Interactions of the three common atmospheric bases, dimethylamine ((CH3)2NH), methylamine (CH3NH2), ammonia (NH3), all considered to be efficient stabilizers of binary clusters in the Earth’s atmosphere, with H2SO4, the key atmospheric precursor, and 14 common atmospheric organic acids (COAs) (formic, acetic, oxalic, malonic, succinic, glutaric acid, adipic, benzoic, phenylacetic, pyruvic, maleic acid, malic, tartaric and pinonic acids) have been studied using the density functional theory (DFT) and composite high-accuracy G3MP2 method.

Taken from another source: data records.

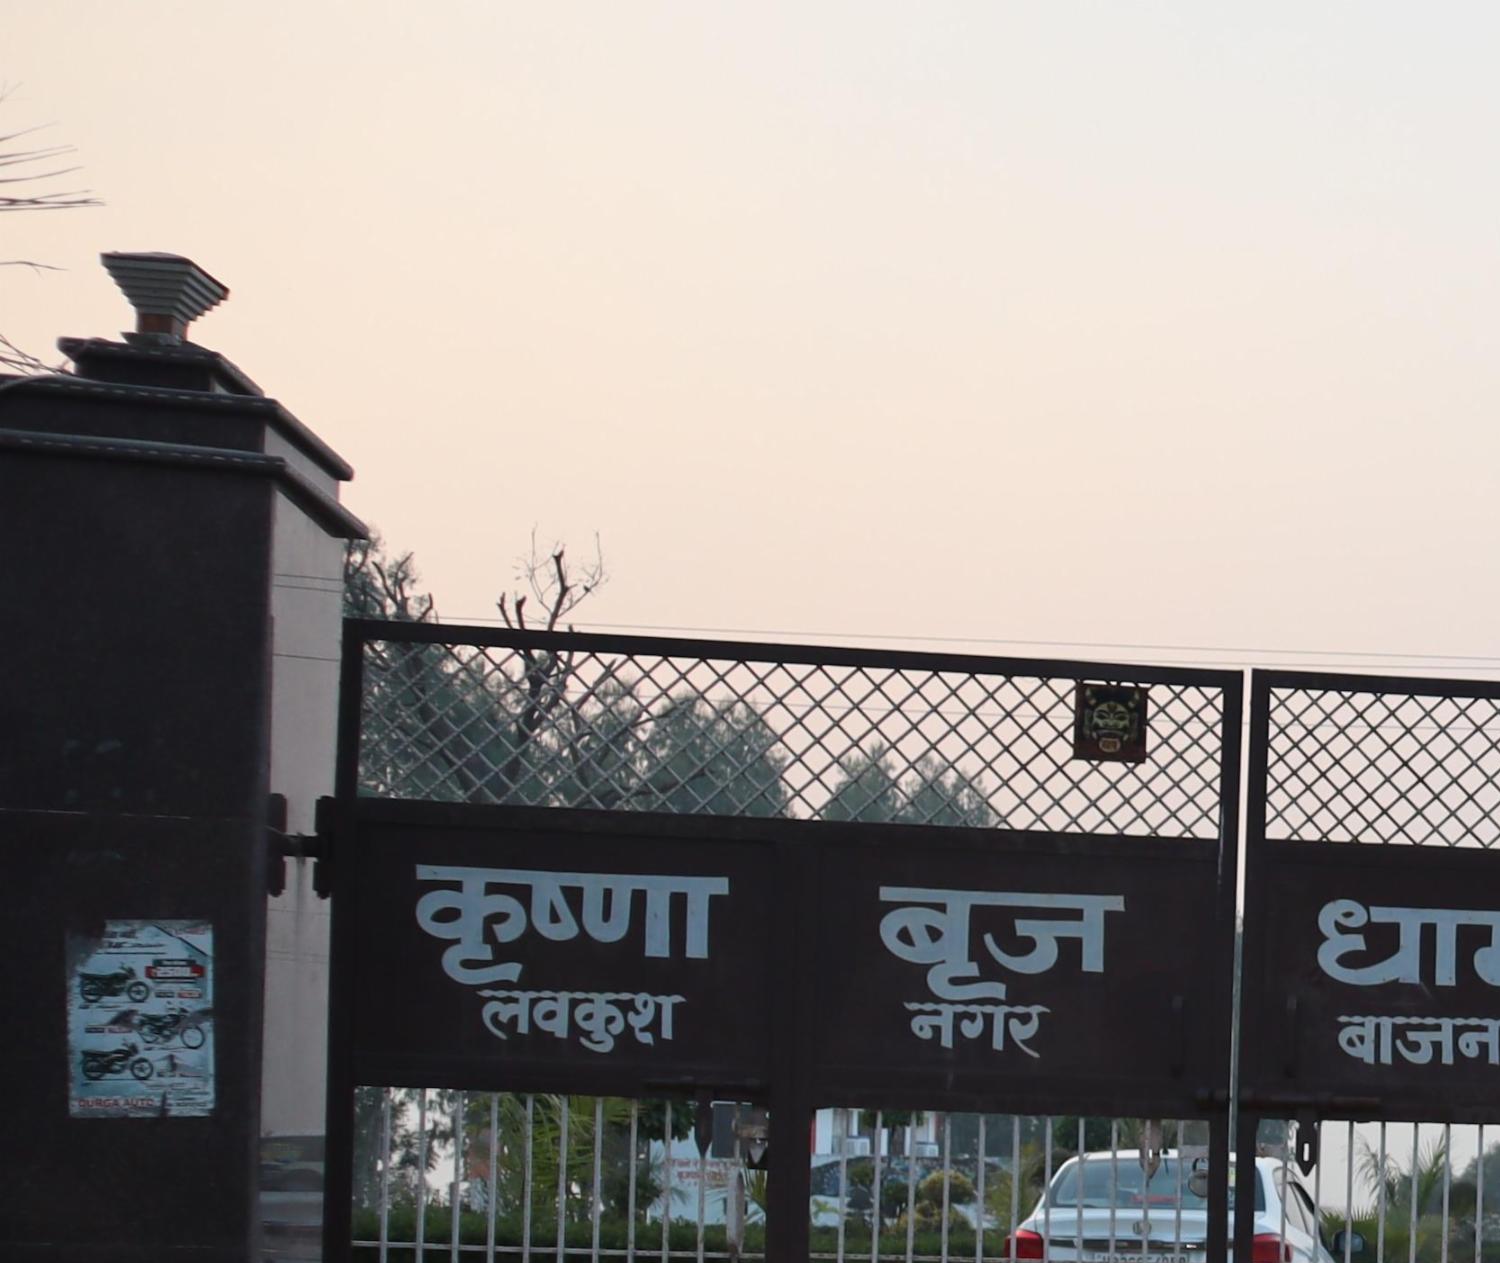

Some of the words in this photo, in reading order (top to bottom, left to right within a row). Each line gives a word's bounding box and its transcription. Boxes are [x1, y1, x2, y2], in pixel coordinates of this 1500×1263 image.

[415, 864, 730, 985] कृष्णा
[879, 886, 1126, 1001] बृज
[476, 989, 687, 1053] लवकुश
[903, 1002, 1051, 1058] नगर
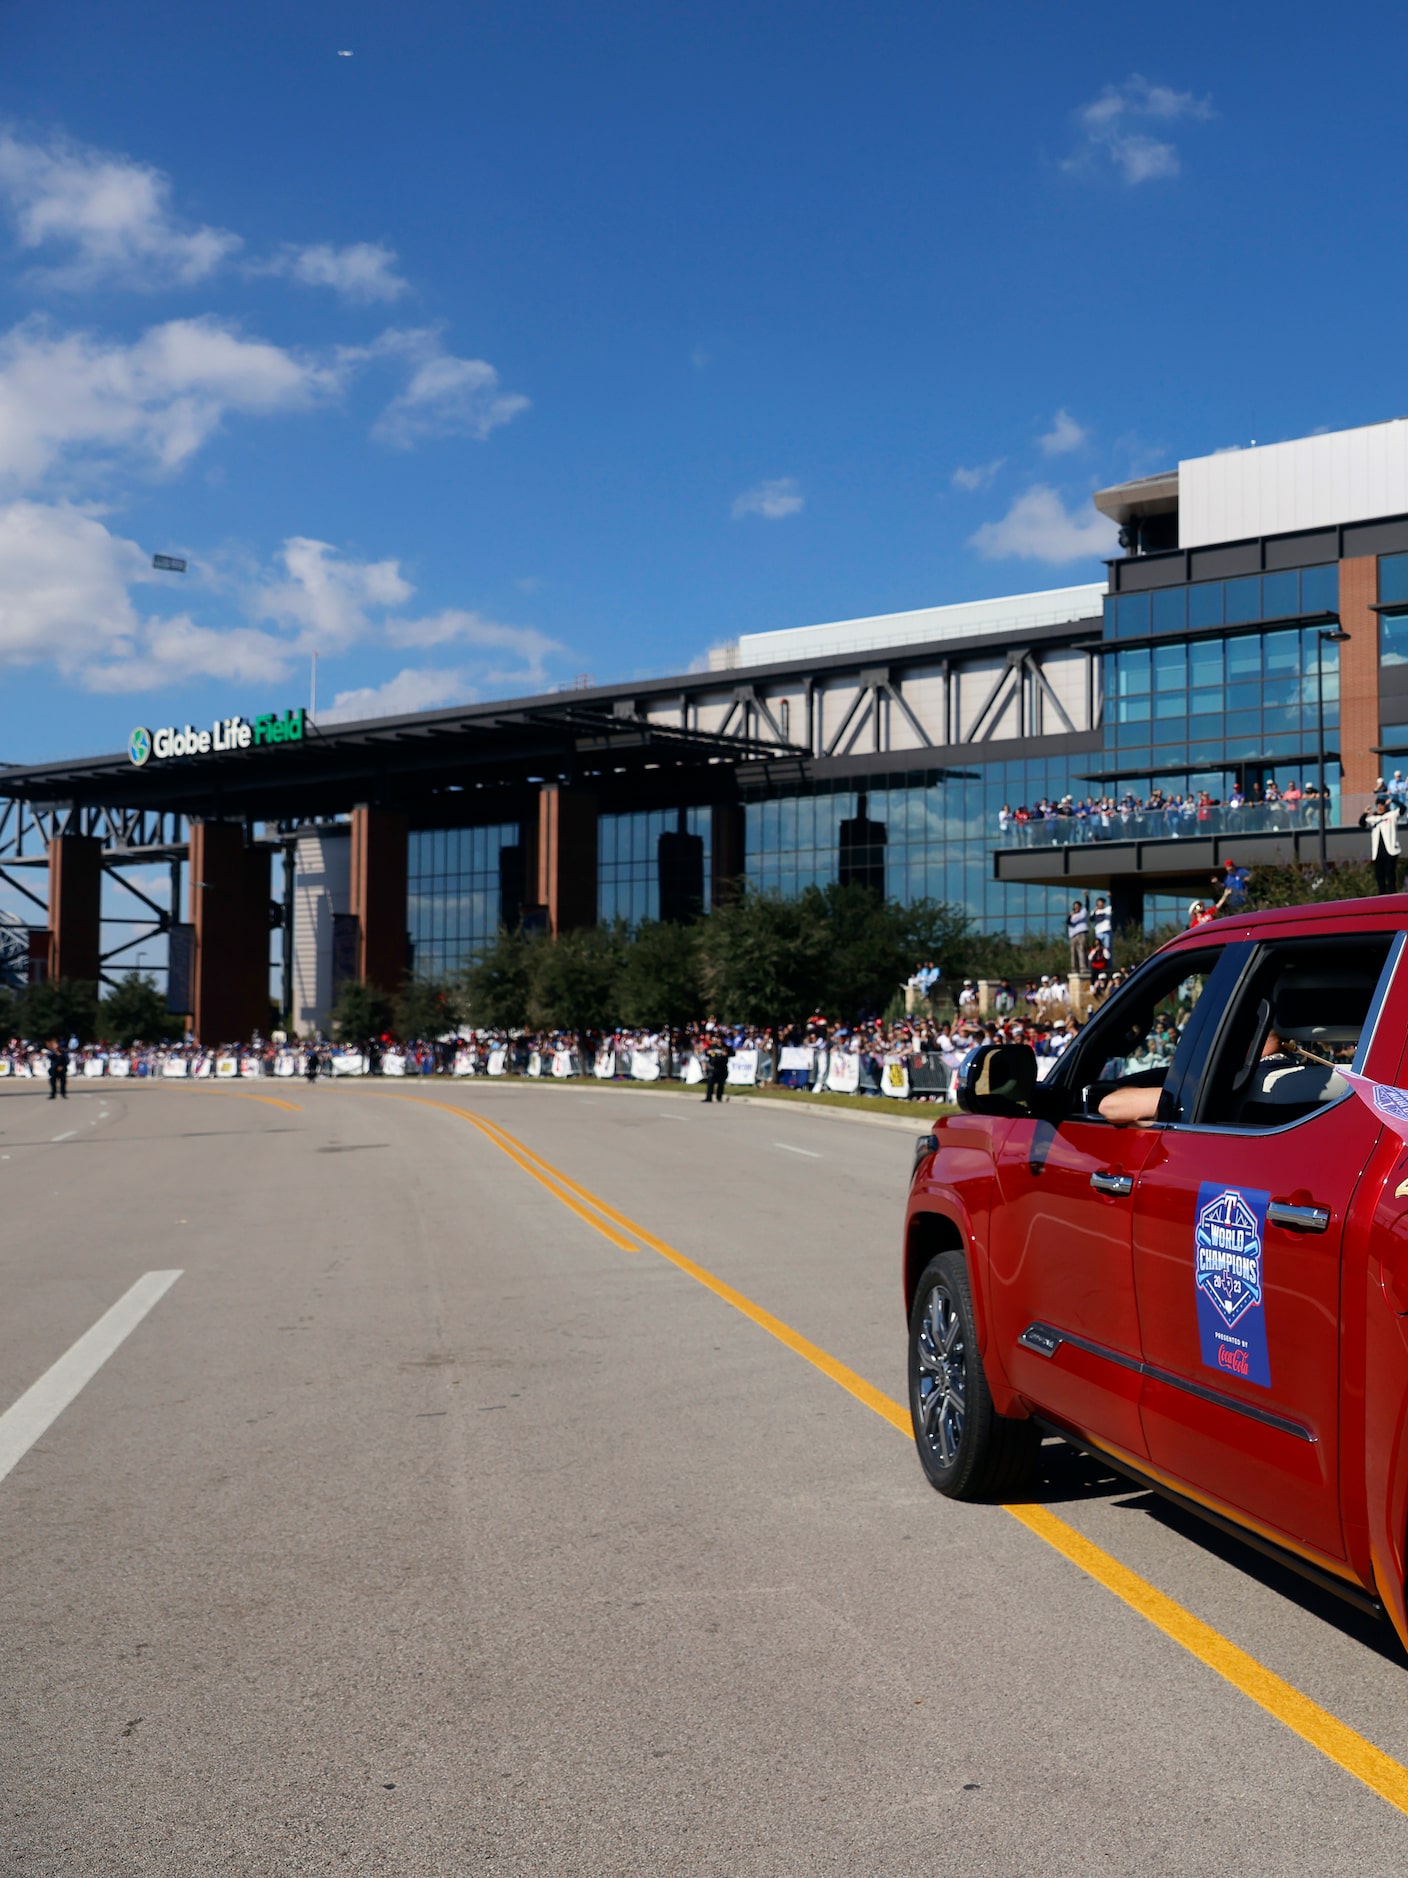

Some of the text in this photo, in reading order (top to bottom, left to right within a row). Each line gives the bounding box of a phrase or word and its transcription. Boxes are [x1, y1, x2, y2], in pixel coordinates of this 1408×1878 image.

[153, 707, 304, 759] Globe Life Field
[1210, 1223, 1245, 1252] WORLD
[1199, 1247, 1257, 1284] CHAMPIONS
[1214, 1331, 1249, 1348] PRESENTED BY

The thermodynamic stability of mixed (COA)(H2SO4), (COA)(B1), (COA)(B2) and (COA)(B3) dimers and (COA)(H2SO4)(B1), (COA)(H2SO4)(B2) and (COA)(H2SO4)(B3) trimers, where B1, B2 and B3 refer to (CH3)2NH, CH3NH2 and NH3, respectively, have been investigated and their impacts on the thermodynamic stability of clusters containing H2SO4 have been studied. Our investigation shows that interactions of H2SO4 with COA, (CH3)2NH, CH3NH2 and NH3 lead to the formation of more stable mixed dimers and trimers than (H2SO4)2 and (H2SO4)2(base), respectively, and emphasize the importance of common organic species for early stages of atmospheric nucleation. We also show that although amines are generally confirmed to be more active than NH3 as stabilizers of binary clusters, in some cases mixed trimers containing NH3 are more stable thermodynamically than those containing CH3NH2. This study indicates an important role of COA, which coexist and interact with that H2SO4 and common atmospheric bases in the Earth atmosphere, in formation of stable pre-nucleation clusters and suggests that the impacts of COA on new particle formation (NPF) should be studied in further details.

Authors: Yunfeng Li, Haijie Zhang, Qingzhu Zhang, Yisheng Xu, Alexey B Nadykto
; Full Source: Journal of environmental sciences (China) 2020 Sep;95:130-140. doi: 10.1016/j.jes.2020.03.033.